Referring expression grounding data
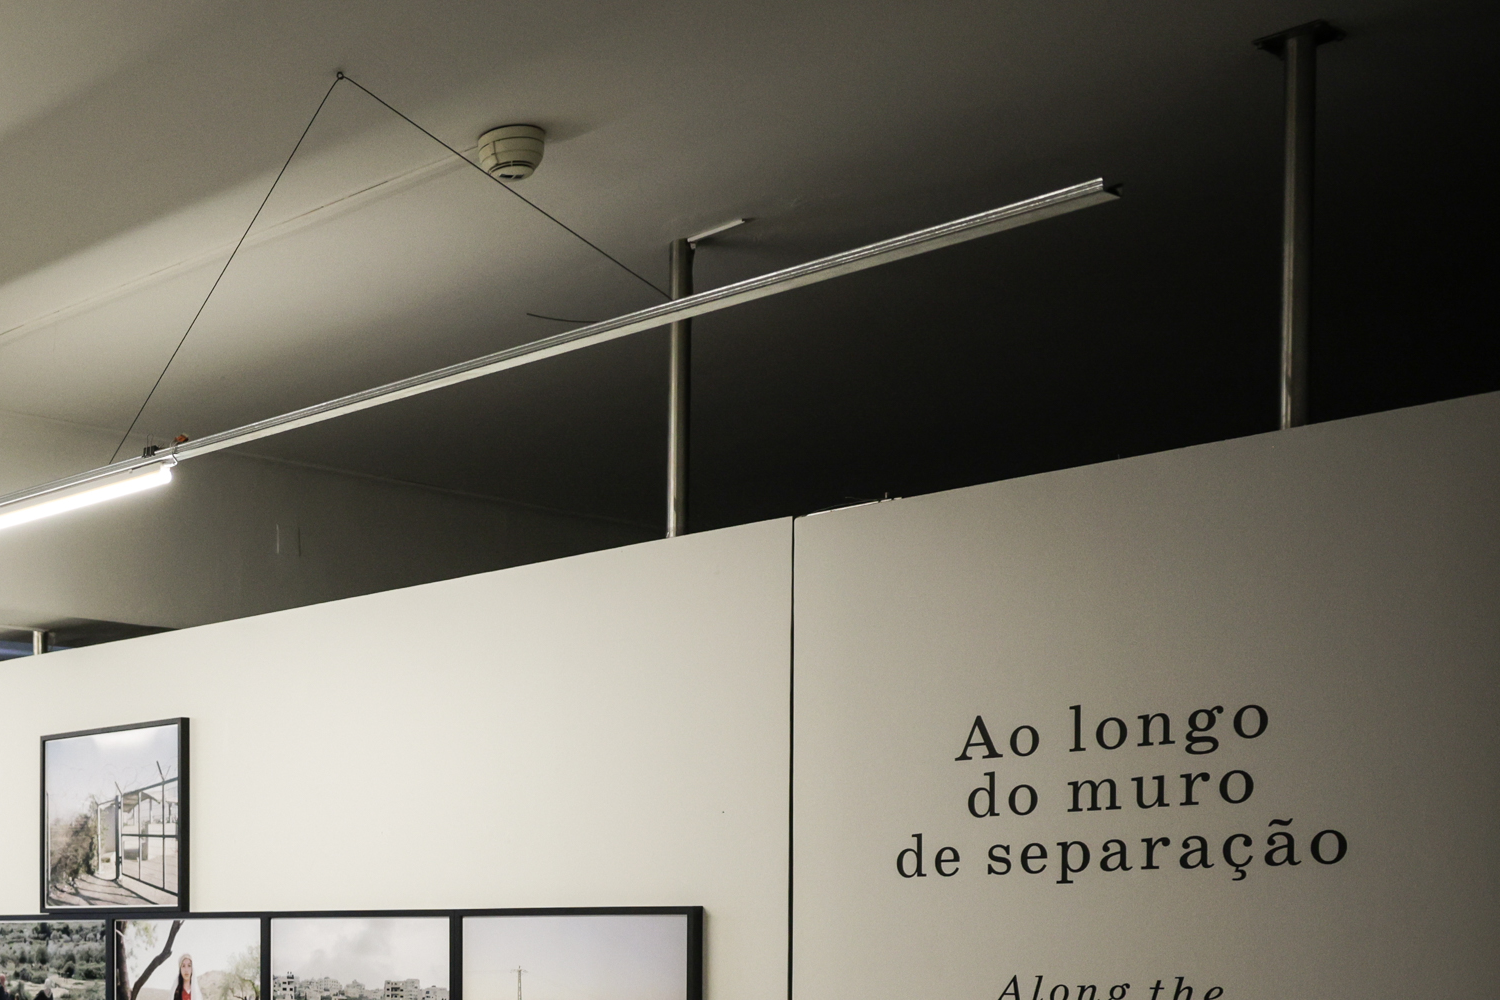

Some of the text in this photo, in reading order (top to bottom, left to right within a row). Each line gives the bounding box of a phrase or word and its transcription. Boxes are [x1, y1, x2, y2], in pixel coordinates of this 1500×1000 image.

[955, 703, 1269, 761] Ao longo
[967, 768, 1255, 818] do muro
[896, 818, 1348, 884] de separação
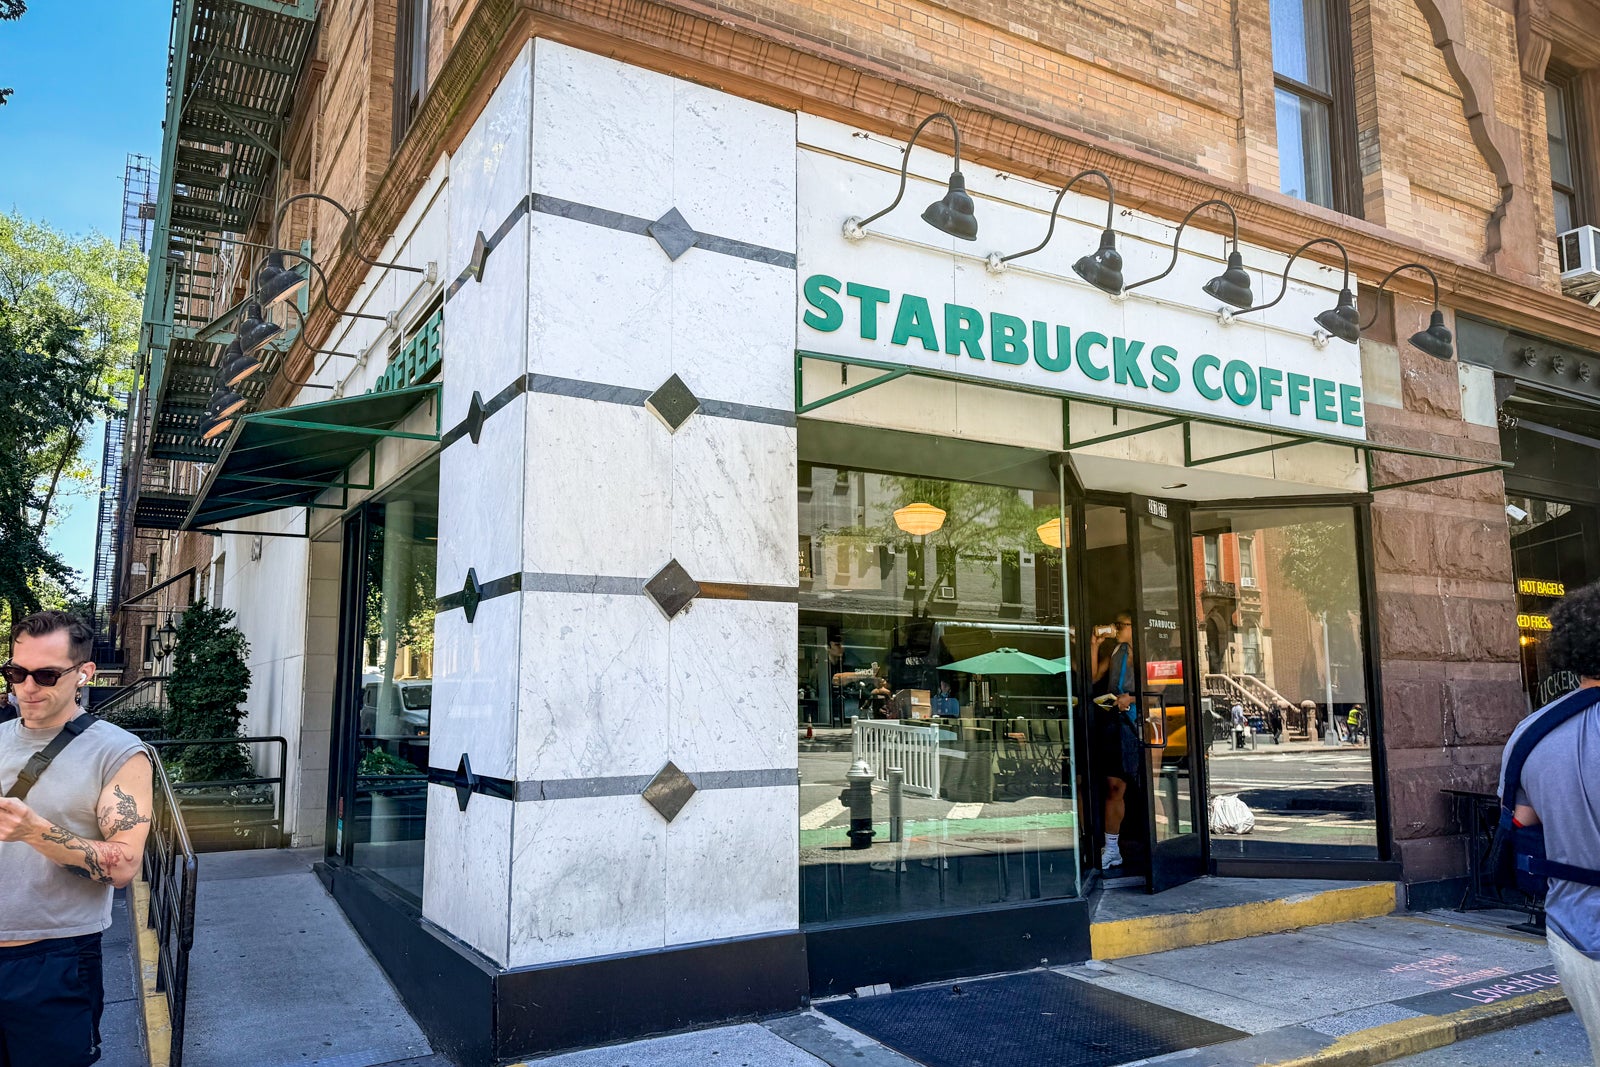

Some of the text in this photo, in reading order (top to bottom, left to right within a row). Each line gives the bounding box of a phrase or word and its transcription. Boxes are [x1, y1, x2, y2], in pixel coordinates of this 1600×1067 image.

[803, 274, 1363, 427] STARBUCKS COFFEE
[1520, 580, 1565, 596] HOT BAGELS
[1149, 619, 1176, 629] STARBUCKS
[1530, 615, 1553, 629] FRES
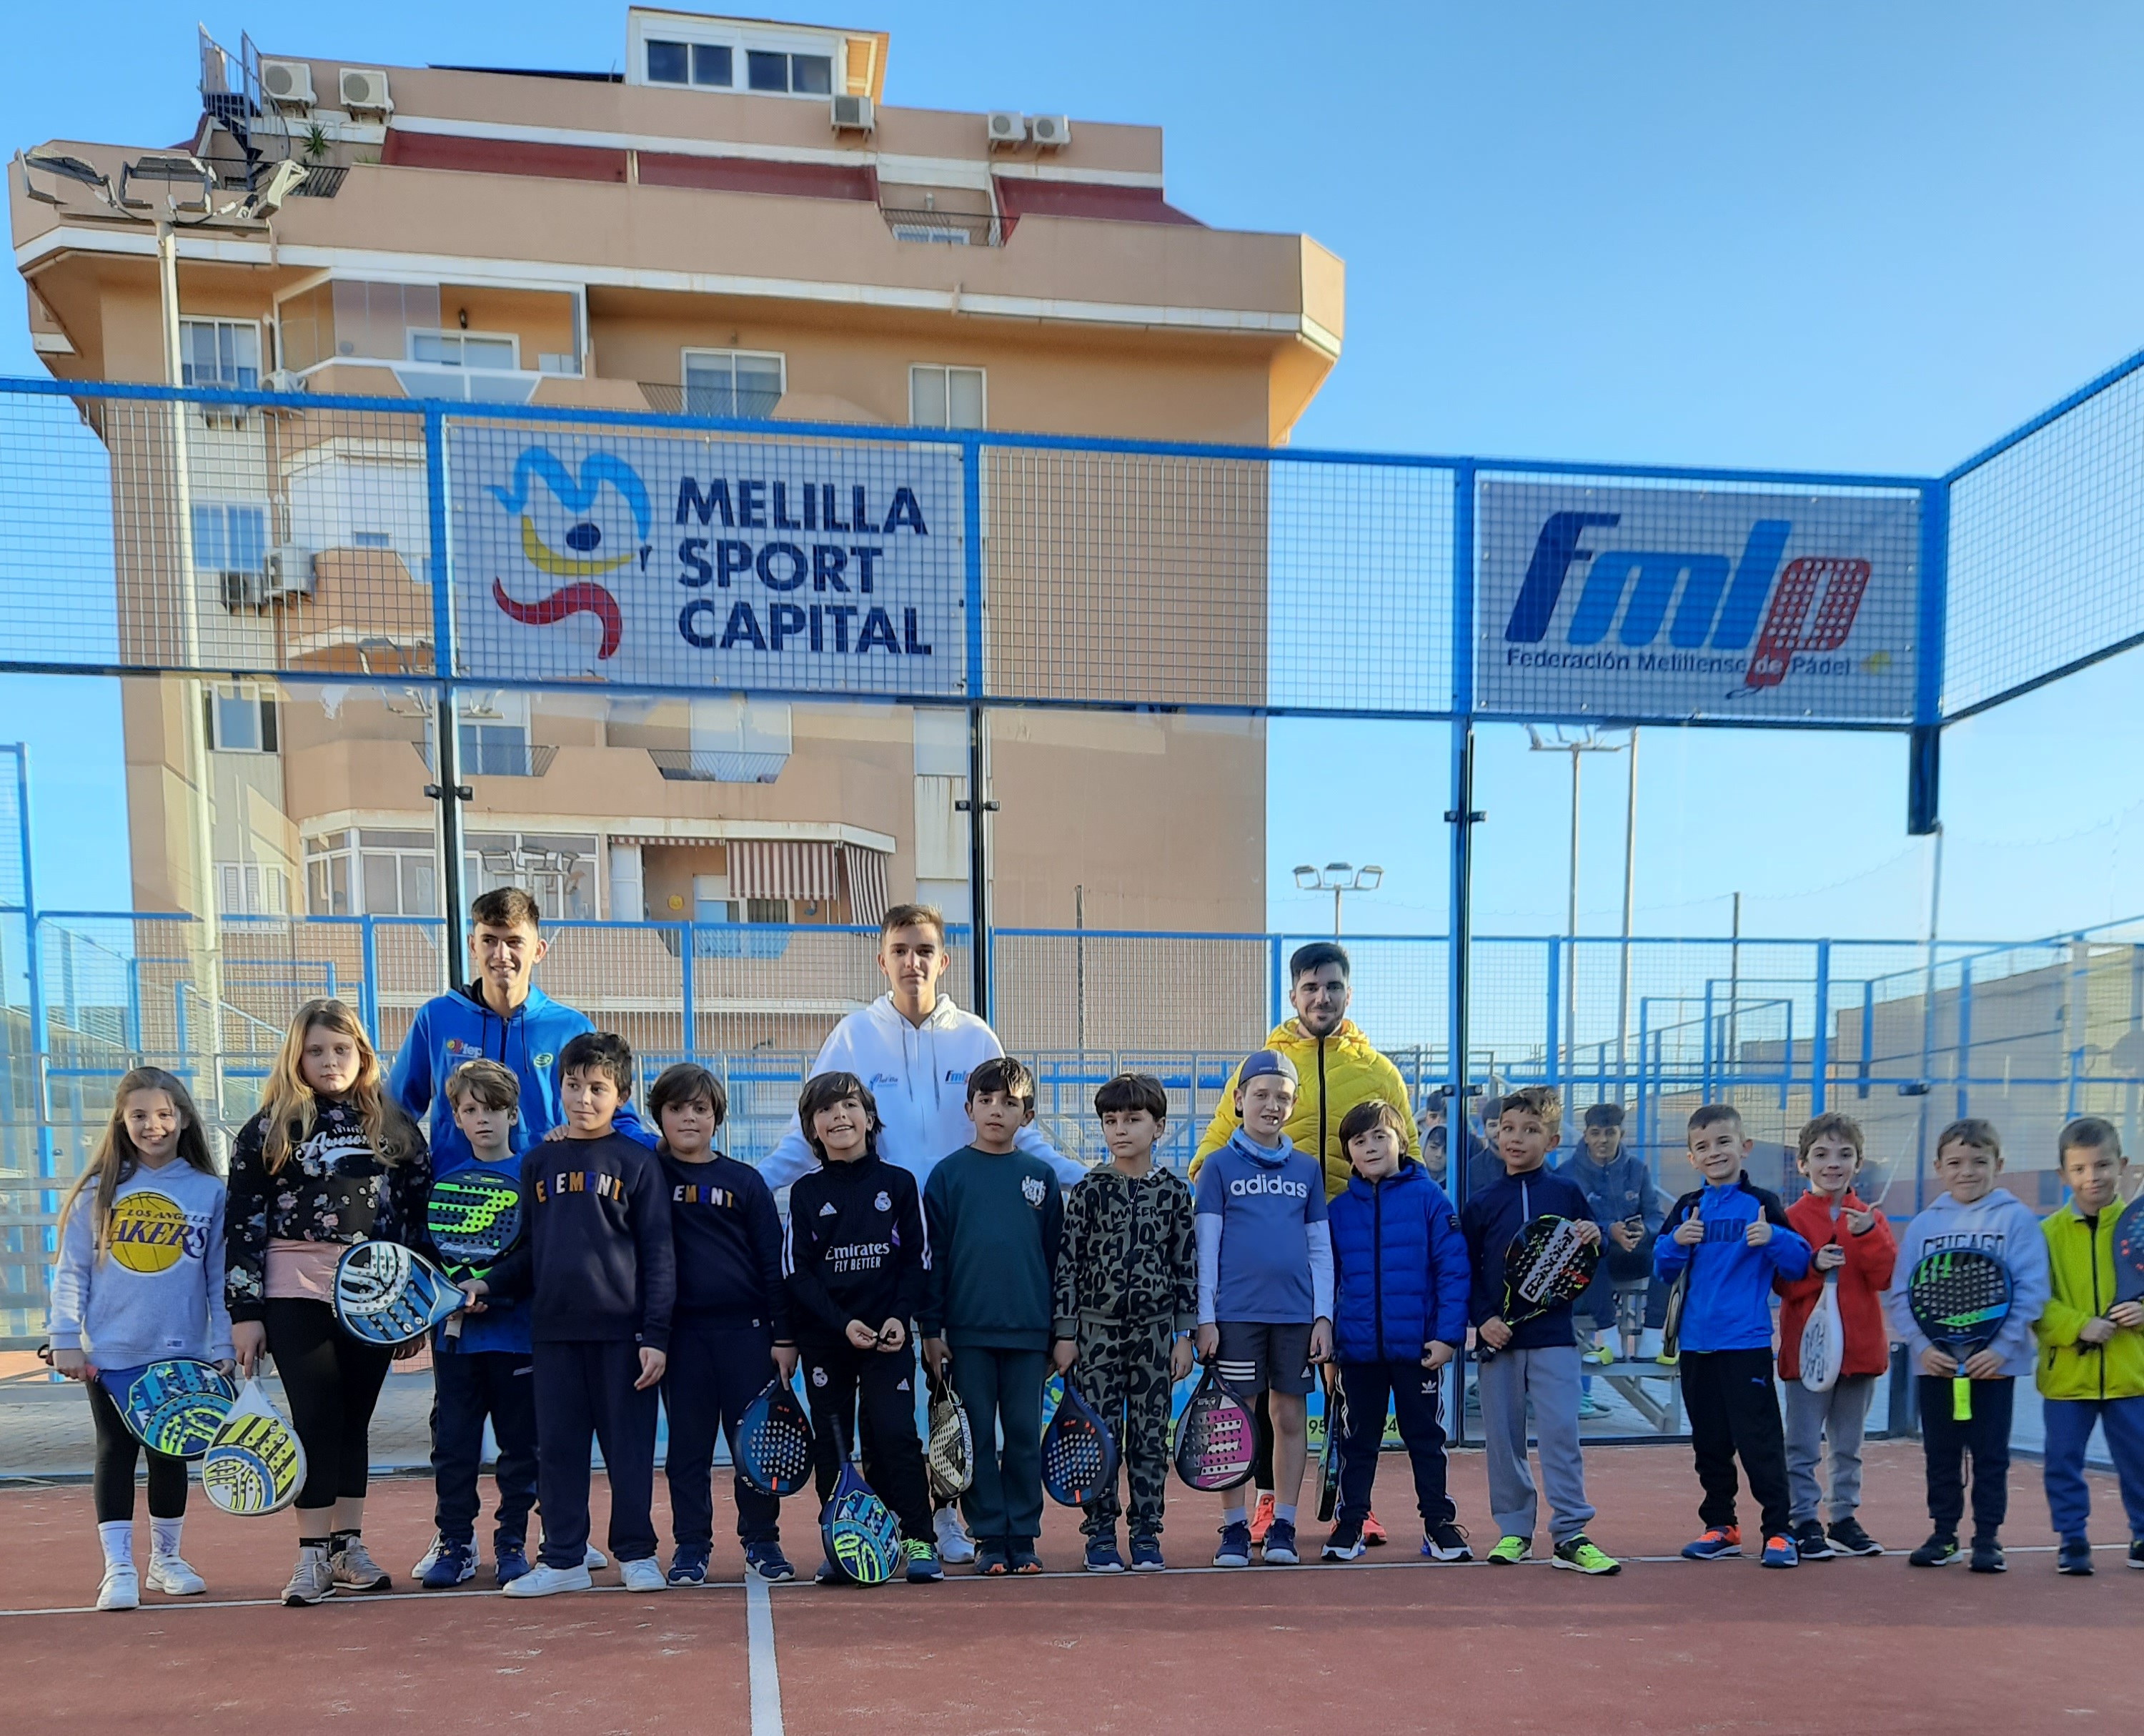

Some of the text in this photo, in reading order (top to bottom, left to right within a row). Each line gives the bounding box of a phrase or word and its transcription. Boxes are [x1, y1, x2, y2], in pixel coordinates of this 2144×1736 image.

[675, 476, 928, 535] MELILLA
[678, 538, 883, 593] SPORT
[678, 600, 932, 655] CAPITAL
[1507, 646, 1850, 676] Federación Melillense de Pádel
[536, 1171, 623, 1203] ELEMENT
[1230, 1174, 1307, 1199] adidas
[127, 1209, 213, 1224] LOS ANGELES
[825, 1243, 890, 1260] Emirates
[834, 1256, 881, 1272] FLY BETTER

◆ What this task involves: The answer must be an exact transcription of the lines from the one containing "this 1600×1067 image." through the last line of the records above, both included, with no pictures.

◆ Written reply:
Some of the text in this photo, in reading order (top to bottom, left to right within a row). Each line gives the bounding box of a phrase or word and its transcription. Boxes are [x1, y1, x2, y2], in pixel coordinates of this 1600×1067 image.

[803, 274, 1363, 427] STARBUCKS COFFEE
[1520, 580, 1565, 596] HOT BAGELS
[1149, 619, 1176, 629] STARBUCKS
[1530, 615, 1553, 629] FRES

Some of the text in this photo, in reading order (top to bottom, left to right within a row). Each line gives the bounding box of a phrase or word and its transcription. Boxes are [x1, y1, x2, y2], in pixel coordinates of this 2144×1736 image.

[675, 476, 928, 535] MELILLA
[678, 538, 883, 593] SPORT
[678, 600, 932, 655] CAPITAL
[1507, 646, 1850, 676] Federación Melillense de Pádel
[536, 1171, 623, 1203] ELEMENT
[1230, 1174, 1307, 1199] adidas
[127, 1209, 213, 1224] LOS ANGELES
[825, 1243, 890, 1260] Emirates
[834, 1256, 881, 1272] FLY BETTER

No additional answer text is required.